En Cartagena se desató una polémica luego de conocerse la cifra que estarían solicitando los cocheros para dejar atrás su tradicional actividad con caballos y comenzar a operar con las nuevas carrozas eléctricas adquiridas por el Distrito. Según lo expresado por la Asociación Cartagenera de Cocheros (Asocarcoch), cada carruaje fue tasado en 930 millones de pesos y cada caballo en 93 millones, lo que daría un total cercano a los 71.000 millones de pesos.
De acuerdo con lo que circula, los cocheros argumentan que los vehículos eléctricos son propiedad de la ciudad, mientras que ellos tienen invertido su capital en los antiguos coches. Por eso, aseguran que buscan una indemnización que también beneficie a las cerca de 400 familias vinculadas directa e indirectamente a esta actividad turística. Incluso plantearon una segunda propuesta con valores menores, 430 millones por carruaje y 43 millones por caballo, pero con la condición de que cada propietario reciba un coche eléctrico, lo que elevaría el gasto del Distrito a más de 30.000 millones de pesos.

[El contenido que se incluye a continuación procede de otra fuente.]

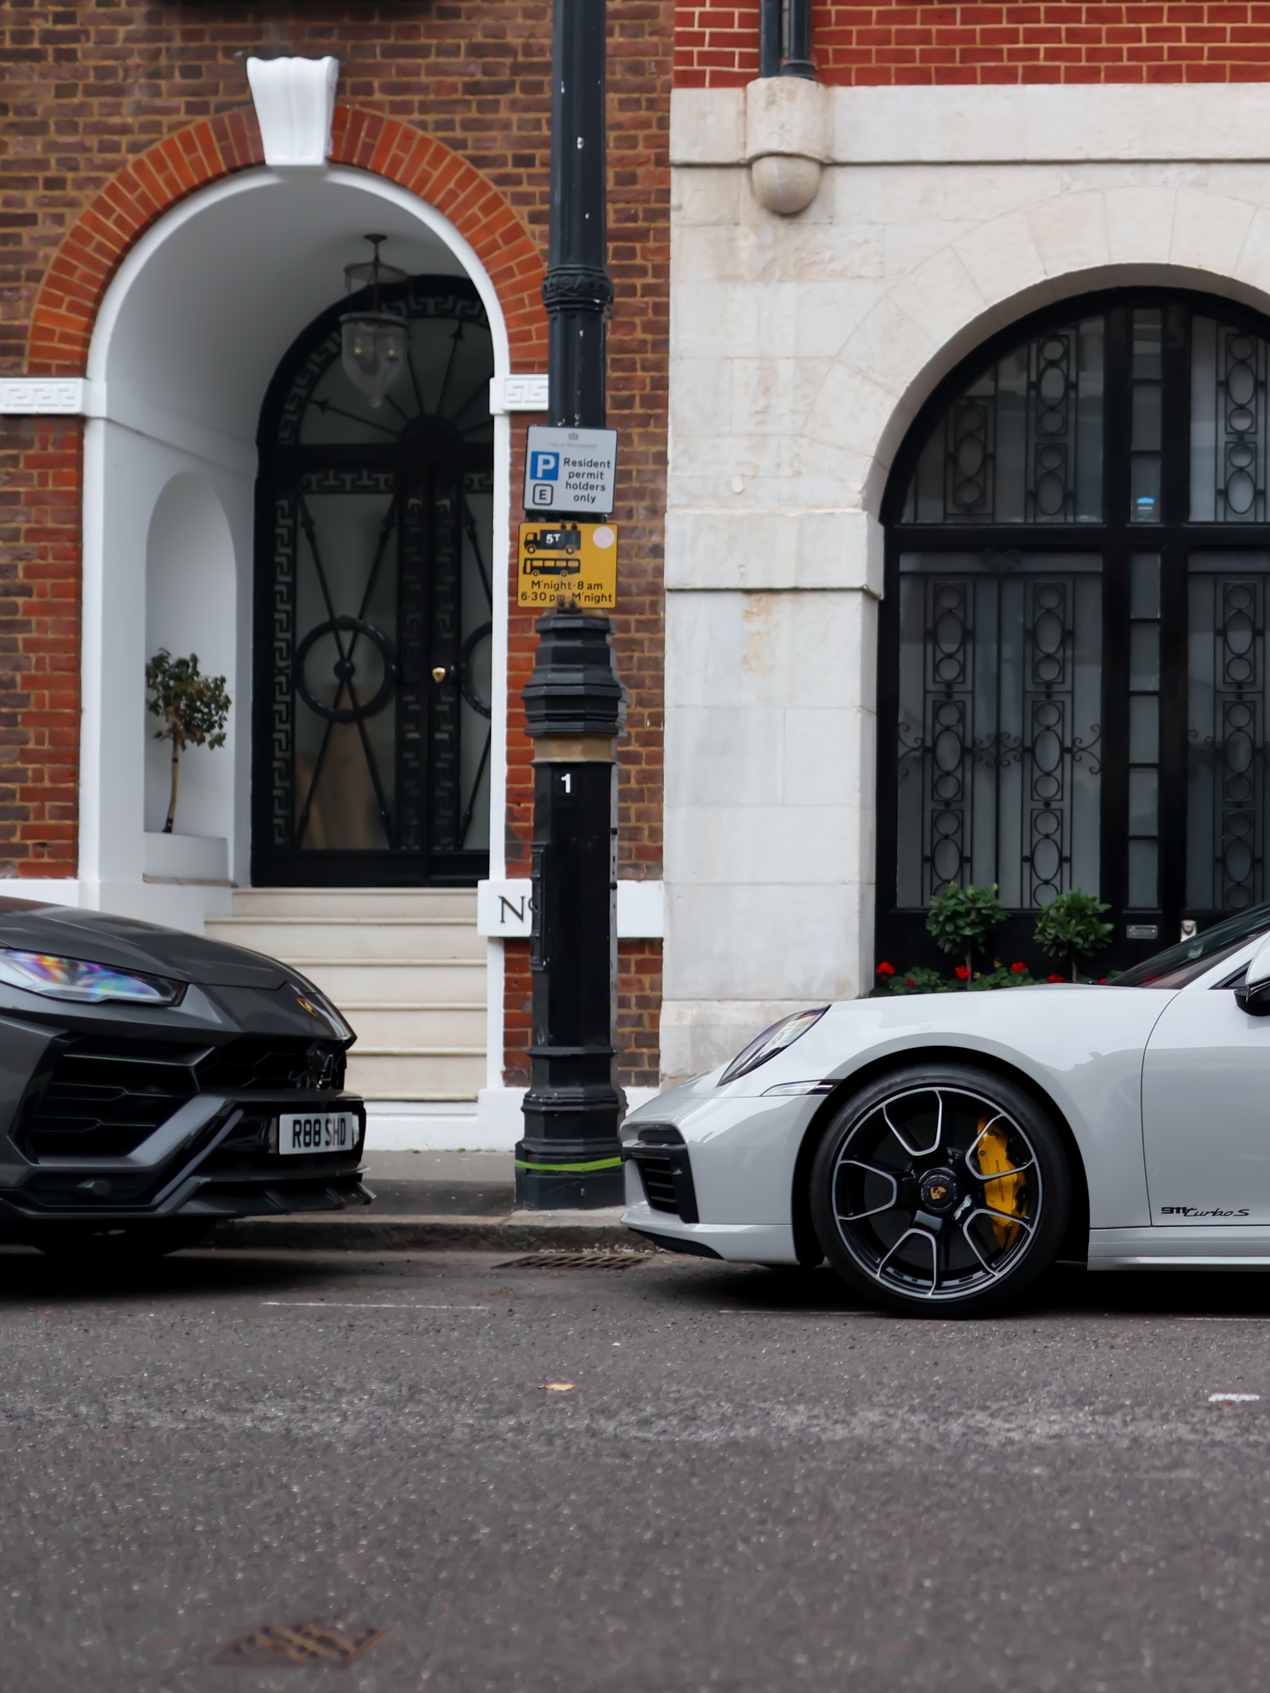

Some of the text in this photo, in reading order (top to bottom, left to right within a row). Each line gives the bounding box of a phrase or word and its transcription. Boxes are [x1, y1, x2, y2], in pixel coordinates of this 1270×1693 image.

[537, 454, 555, 478] P
[563, 457, 611, 469] Resident
[568, 471, 604, 480] permit
[565, 481, 606, 491] holders
[539, 489, 547, 500] E
[573, 493, 596, 504] only
[546, 533, 561, 544] 5T
[561, 773, 571, 793] 1
[292, 1117, 346, 1148] R88 SHD
[1233, 1208, 1250, 1216] S

El alcalde de Cartagena, Dumek Turbay, reaccionó ante las cifras presentadas y señaló que no cuentan con soporte técnico. Según lo que manifestó, muchas carrozas estarían en mal estado y algunos caballos presentarían signos de desnutrición. “Cartagena no negocia con el maltrato animal”, dijo, dejando claro que el diálogo con los cocheros seguirá abierto, pero bajo condiciones que sean serias, responsables y realistas.